Each dot marks the weighted maturity of practices within a domain — hover for a brief summary, click for more detail

DOMAIN
BLEEDING EDGEESTABLISHED

Formative feedback generation

LEADING EDGE

TRAJECTORY

Stalled

AI that provides detailed developmental feedback on student work, going beyond grades to guide improvement. Includes specific improvement suggestions and learning pathway recommendations; distinct from automated grading which scores rather than develops.

OVERVIEW

AI-generated formative feedback works well enough to deploy -- but not well enough to trust on its own. That tension defines the practice's leading-edge status. Forward-leaning districts and vendor platforms have moved from pilots to GA products, proving that LLMs can produce structured, actionable feedback on student work at a speed no human team can match. The value proposition is real: teachers reclaim hours, students get faster turnaround, and institutions can scale feedback across large cohorts. Yet the empirical record consistently shows that AI feedback remains inferior to human feedback on nuance, tone calibration, and adaptive support for struggling learners. Students, meanwhile, tend to overestimate AI feedback quality -- a source-credibility bias that compounds the accuracy problem. Production reliability adds another layer of risk; repeated model-drift and sycophancy incidents have forced rollbacks in deployed systems. The result is a practice that functions as a "teacher-amplifier" -- AI drafts feedback, humans validate it -- rather than an autonomous replacement. Most institutions have not yet adopted this approach, and those that have maintain mandatory human review. The question facing the field is no longer whether AI can generate feedback, but whether the quality and consistency gaps can close fast enough to justify the integration cost.

CURRENT LANDSCAPE

A growing cohort of vendor platforms and early-adopter institutions are operationalizing formative feedback systems at scale. Formative's Luna AI assistant, generally available since August 2025, has reached broad distribution across 90% of US school districts with 6+ billion student responses processed. Instructure's Canvas LMS released IgniteAI (April 2026), integrating rubric generation and feedback drafting into its core grading workflow -- evidence of ecosystem maturity as major LMS vendors embed formative feedback tools natively. Microsoft Teams Assignments ships AI Feedback Suggestions with explicit responsible-deployment guidelines. LearnWise reports 84% student preference for AI-generated feedback (40,000+ student sample) with deployment across Canvas, Moodle, Brightspace, and D2L. Wichita Public Schools (47,000+ students) and UK institutions piloting through the Jisc AI Assessment program demonstrate formative assessment as the primary deployed use case. These deployments maintain human review as mandatory workflow -- teachers review and edit all AI suggestions before students see them -- confirming the "teacher-amplifier" model as the operational standard, not an interim step.

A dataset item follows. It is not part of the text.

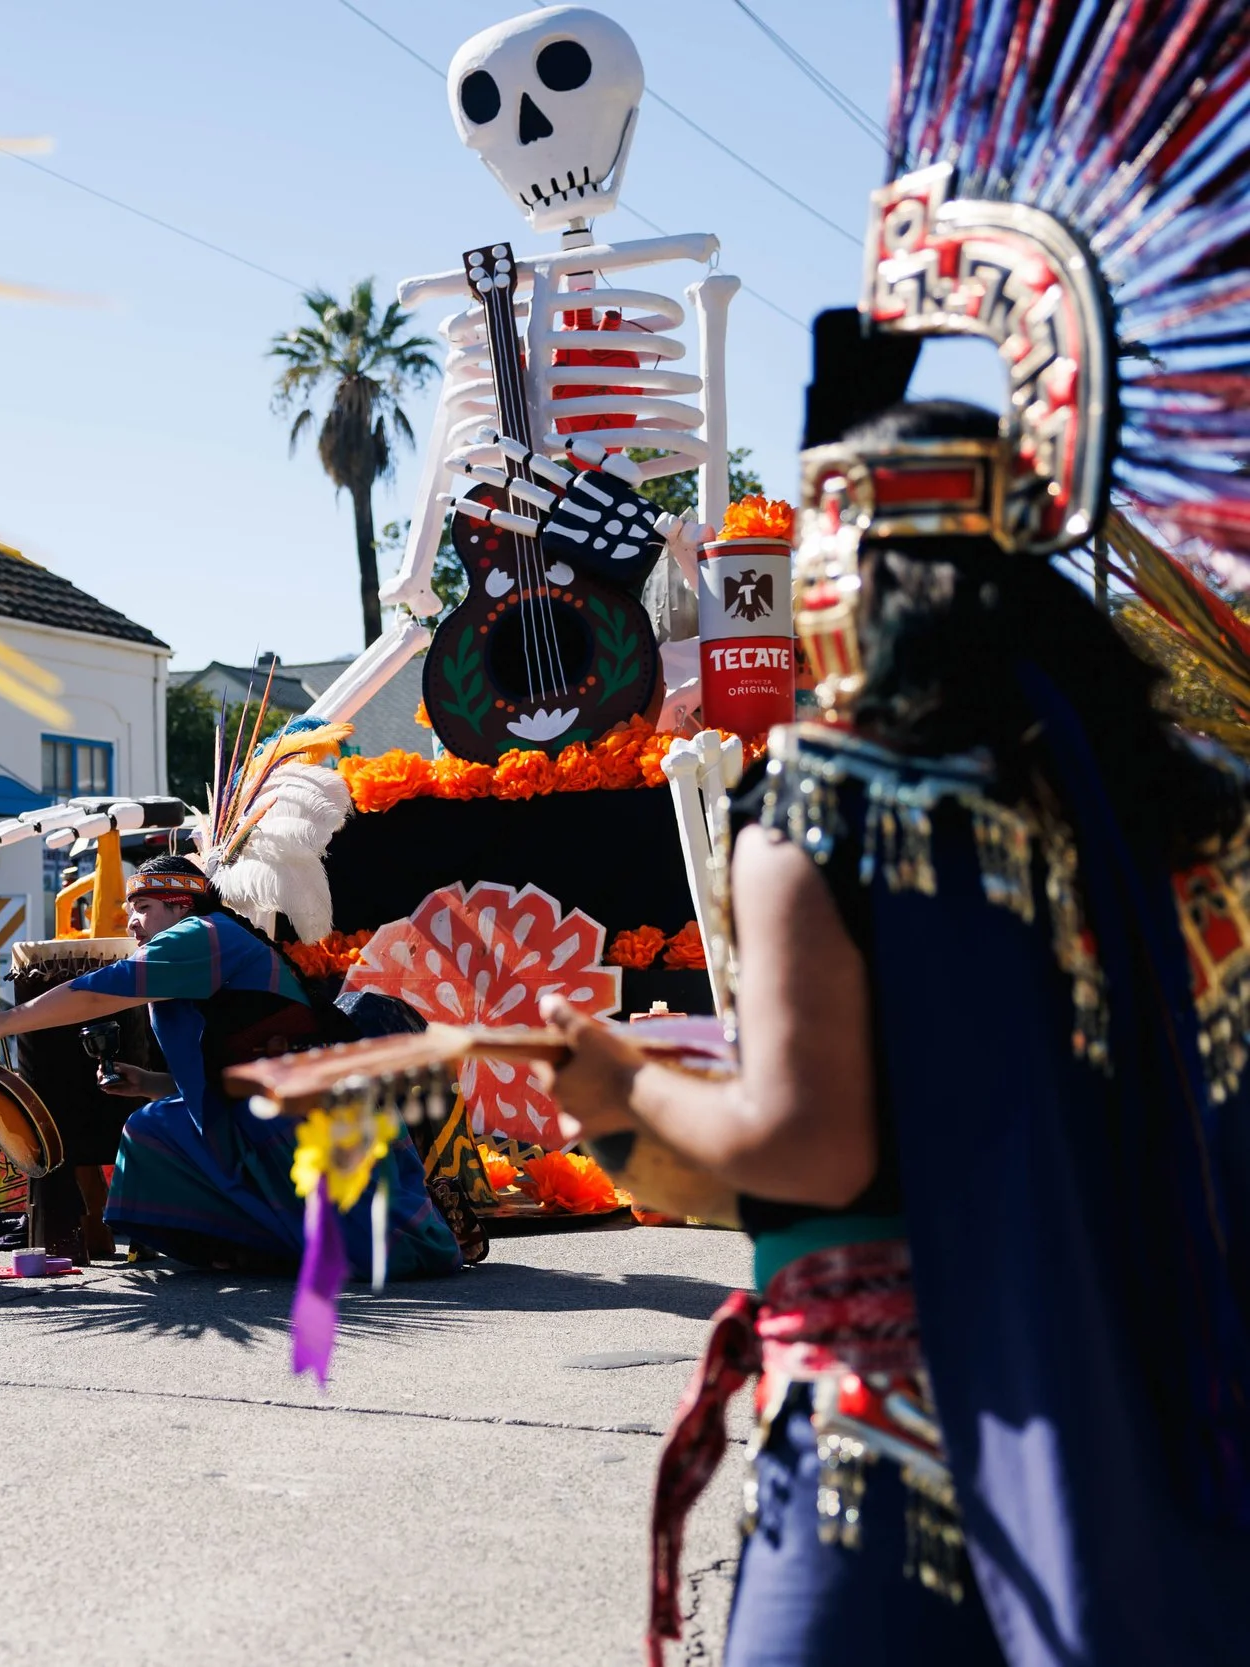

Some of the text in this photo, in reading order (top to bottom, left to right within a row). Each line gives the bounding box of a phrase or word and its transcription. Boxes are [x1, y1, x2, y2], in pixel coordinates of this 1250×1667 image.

The empirical picture remains stubbornly mixed despite operational scaling. April 2026 research confirms positive cognitive effects: a large-scale Frontiers study (n=1,079) shows AI precision feedback significantly enhances thinking ability (p<0.001) with intrinsic value identification mediating 32% of learning gains. Systematic reviews on L2 writing (55 studies) and automated feedback in HE (10 studies) identify collaborative tool use, custom design, and pedagogical scaffolding as critical success factors -- suggesting tool capability alone is insufficient without institutional redesign. Yet deployment quality remains contingent on assessment infrastructure. A 654-student peer-review study found half of participants flagged AI feedback inaccuracies, with only 6% preferring AI feedback alone. Experimental evidence from Chinese high schools showed AI-enabled visual feedback improving achievement but also increasing test anxiety. Reliability gaps persist across domains: Washington State University's study found ChatGPT accuracy on scientific hypotheses only ~60% (barely better than random chance) with 73% consistency across identical prompts. An MIT practitioner documented five spurious ChatGPT suggestions for every useful correction on feedback tasks.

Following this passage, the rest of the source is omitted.